**Assignment**.
Your task is to retype, exactly and without pictures, the line holding "this 1600×1200 image." and each line that follows it to the end of the entries.

###

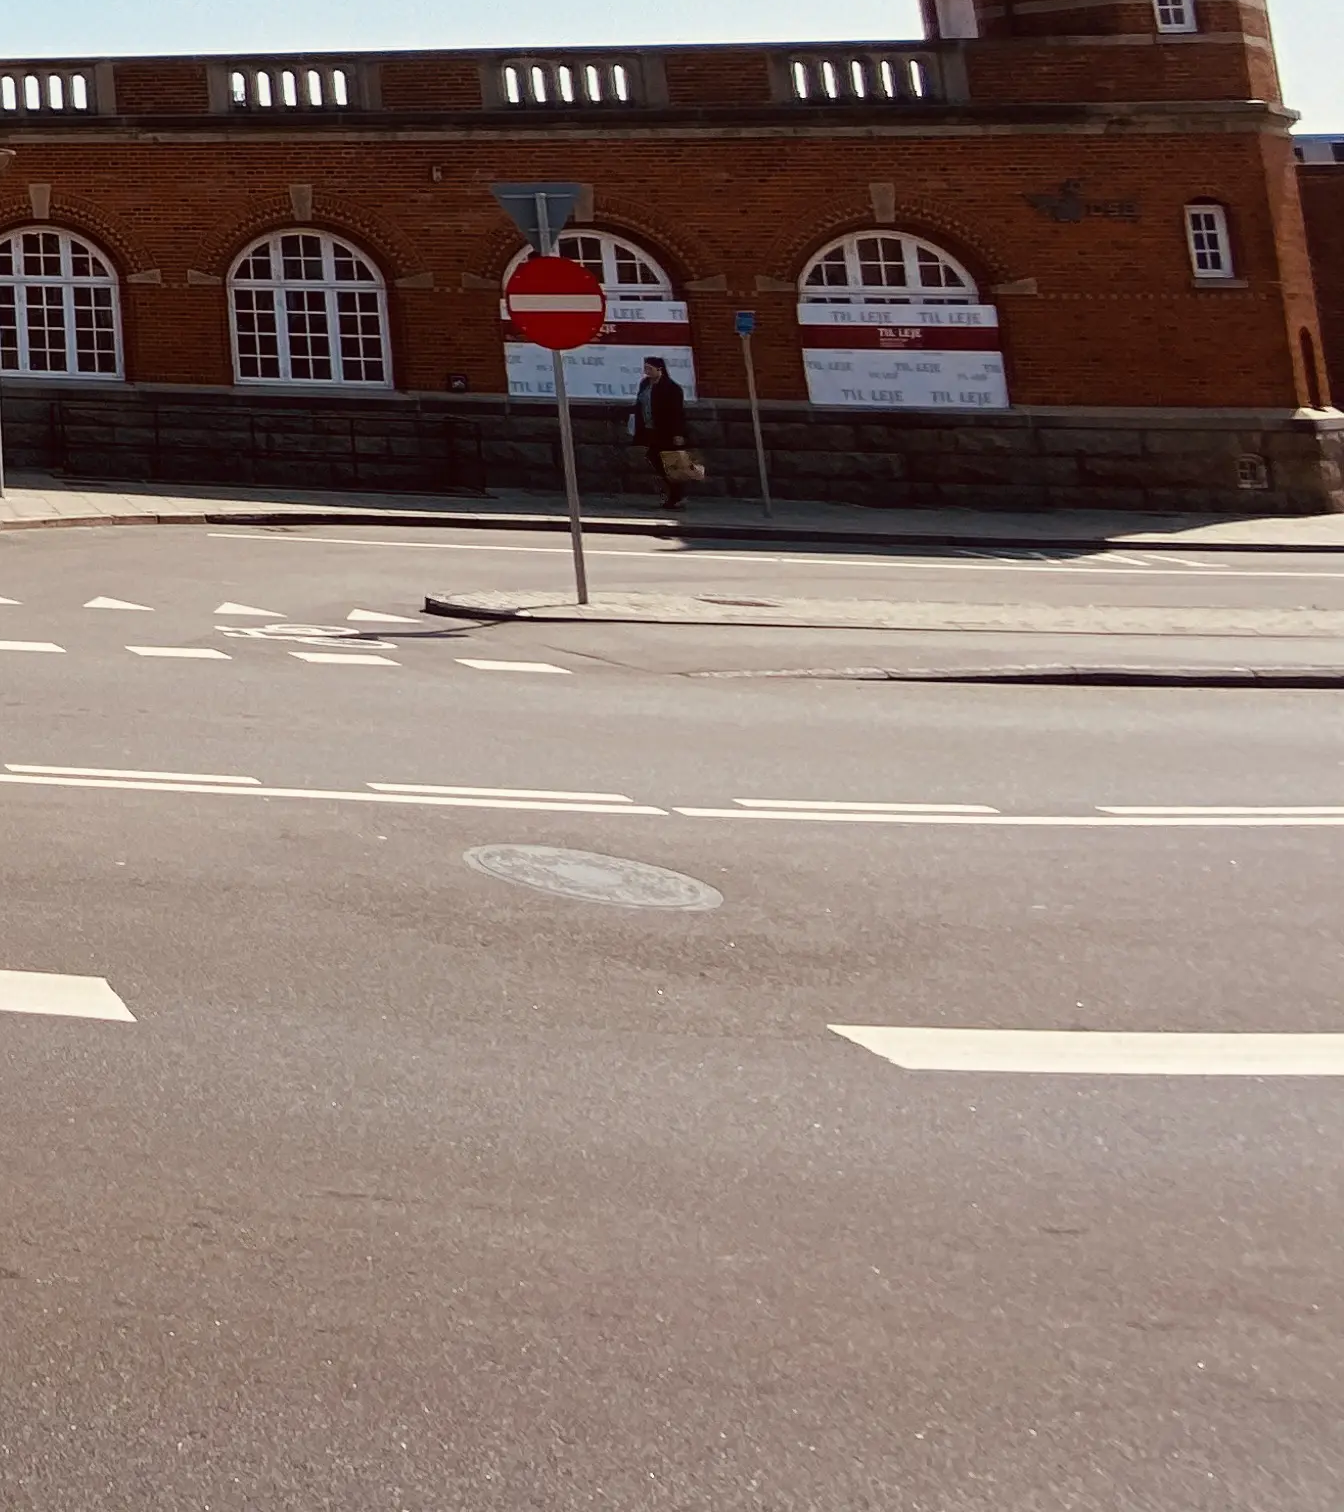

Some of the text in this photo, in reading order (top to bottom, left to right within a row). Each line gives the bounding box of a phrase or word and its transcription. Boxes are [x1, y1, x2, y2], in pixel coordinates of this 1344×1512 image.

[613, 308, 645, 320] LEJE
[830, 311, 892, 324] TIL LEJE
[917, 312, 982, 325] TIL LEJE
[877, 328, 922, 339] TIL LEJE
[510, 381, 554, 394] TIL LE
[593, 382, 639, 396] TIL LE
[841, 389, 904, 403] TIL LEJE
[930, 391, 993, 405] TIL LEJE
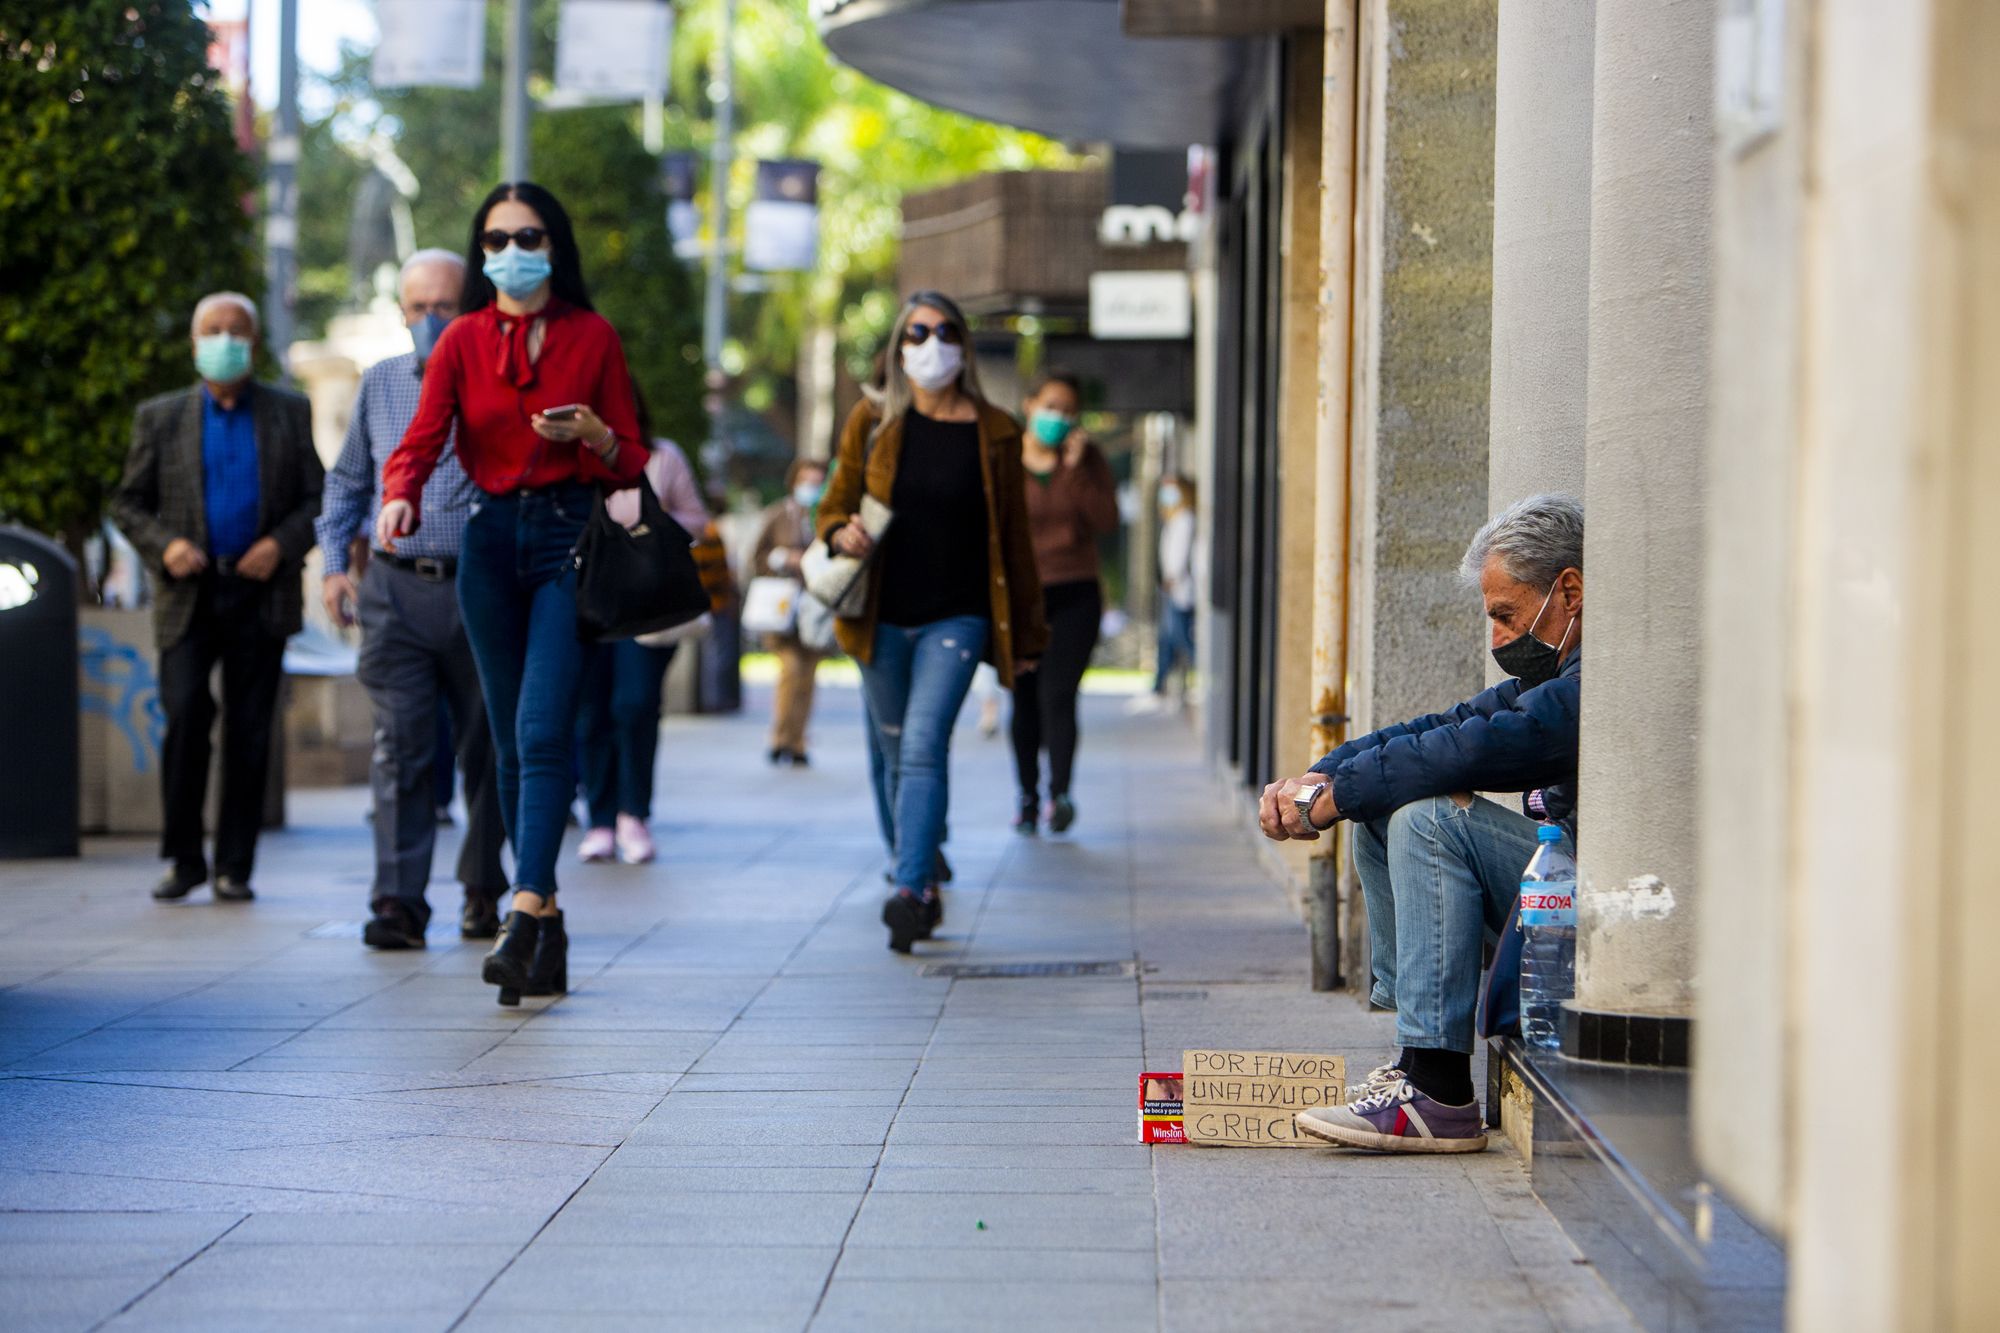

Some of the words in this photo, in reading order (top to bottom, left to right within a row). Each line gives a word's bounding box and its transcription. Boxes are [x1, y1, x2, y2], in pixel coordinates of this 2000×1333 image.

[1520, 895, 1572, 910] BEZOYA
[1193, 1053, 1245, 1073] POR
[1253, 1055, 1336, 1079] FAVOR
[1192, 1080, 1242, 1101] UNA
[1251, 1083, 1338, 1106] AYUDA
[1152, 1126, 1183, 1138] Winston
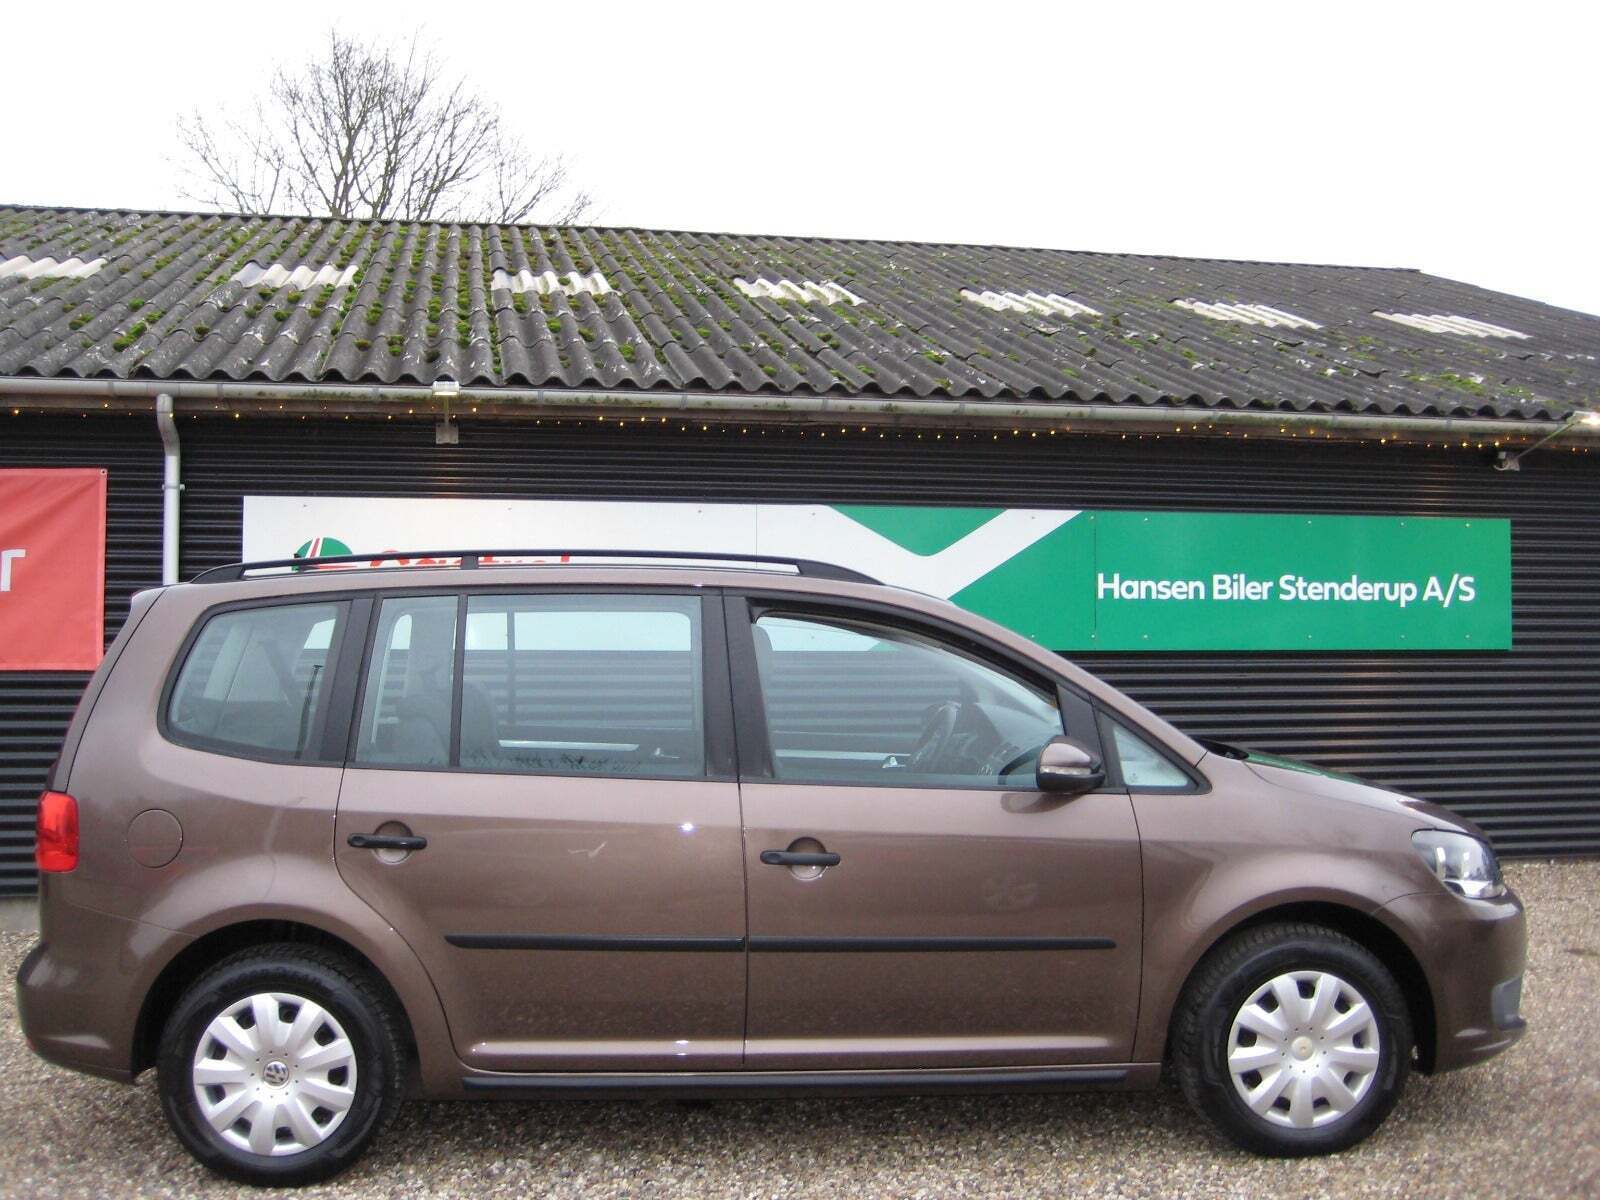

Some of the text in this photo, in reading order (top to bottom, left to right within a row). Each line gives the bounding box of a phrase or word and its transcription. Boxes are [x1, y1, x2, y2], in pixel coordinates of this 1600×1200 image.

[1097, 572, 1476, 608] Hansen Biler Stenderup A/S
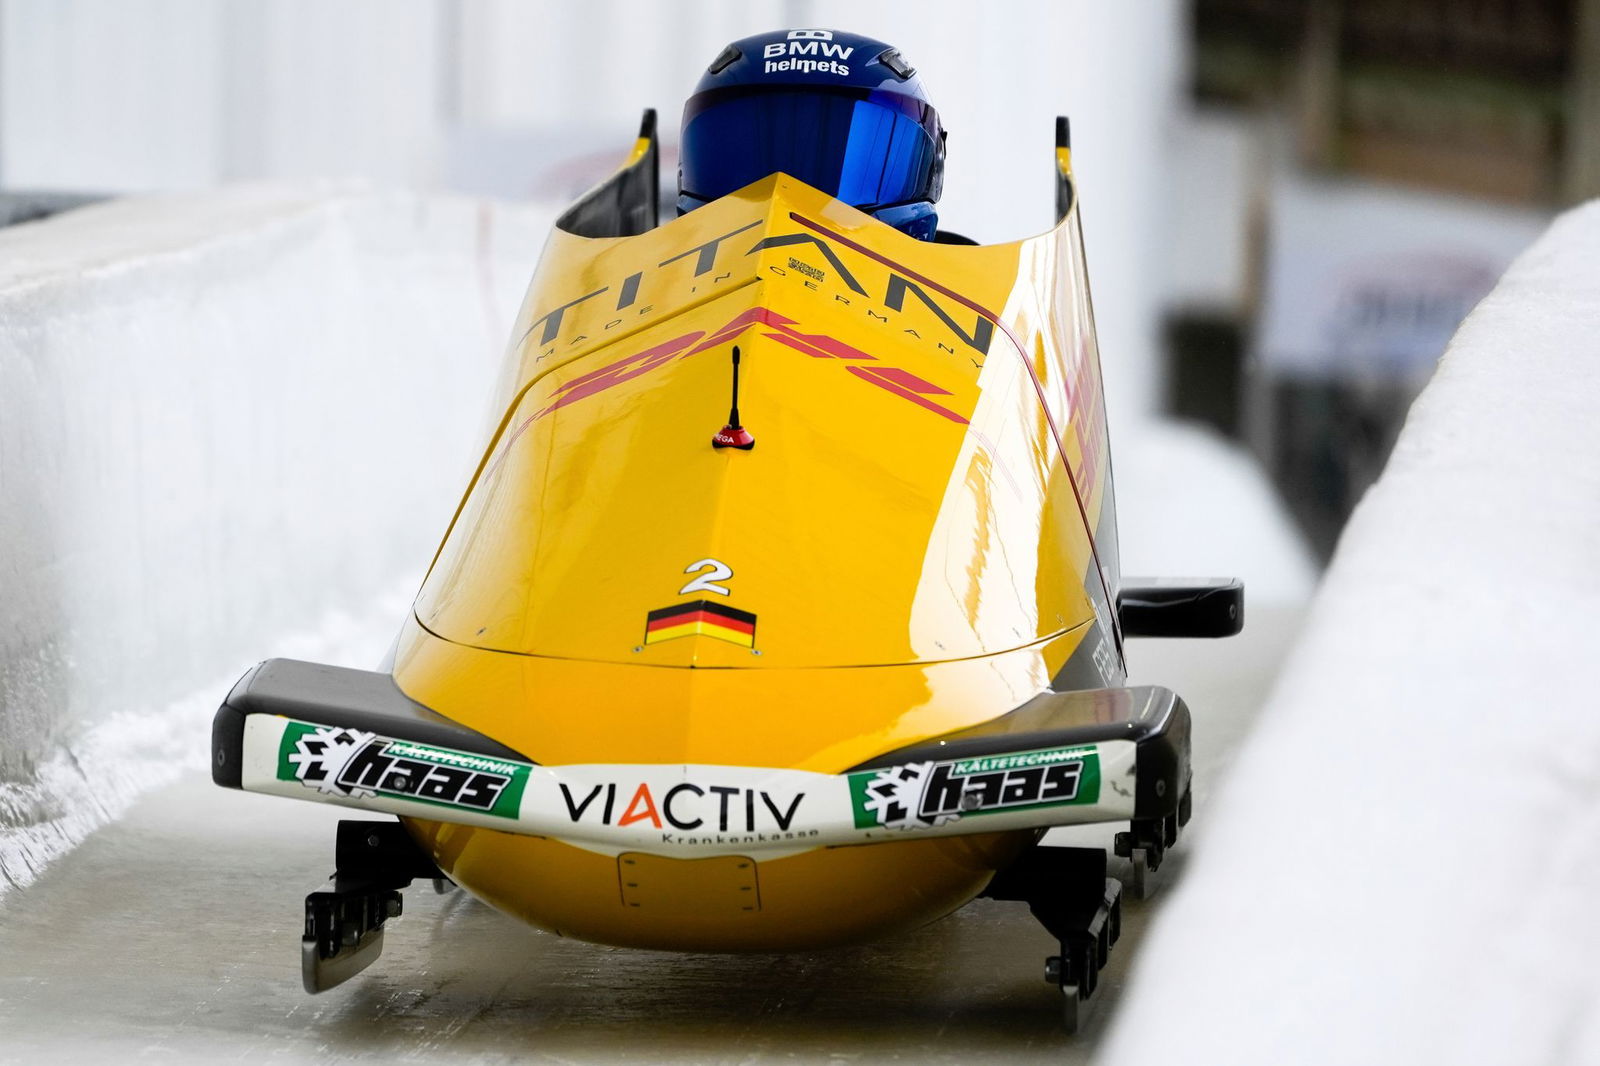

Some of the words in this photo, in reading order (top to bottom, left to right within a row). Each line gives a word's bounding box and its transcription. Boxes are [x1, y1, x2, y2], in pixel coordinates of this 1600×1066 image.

###

**Result of this exercise**.
Some of the text in this photo, in reading order (top to bottom, left to right within a row). Each line gives the bounding box of a phrase or word and its transcription. Boxes are [x1, y1, x2, y2], in pixel coordinates of this 1600×1200 image.

[1097, 572, 1476, 608] Hansen Biler Stenderup A/S

Some of the words in this photo, in reading order (top to bottom, left to right within a row). Each line gives a word's bounding box and its transcription. Boxes are [x1, y1, x2, y2], in pixel coordinates of this 1600×1066 image.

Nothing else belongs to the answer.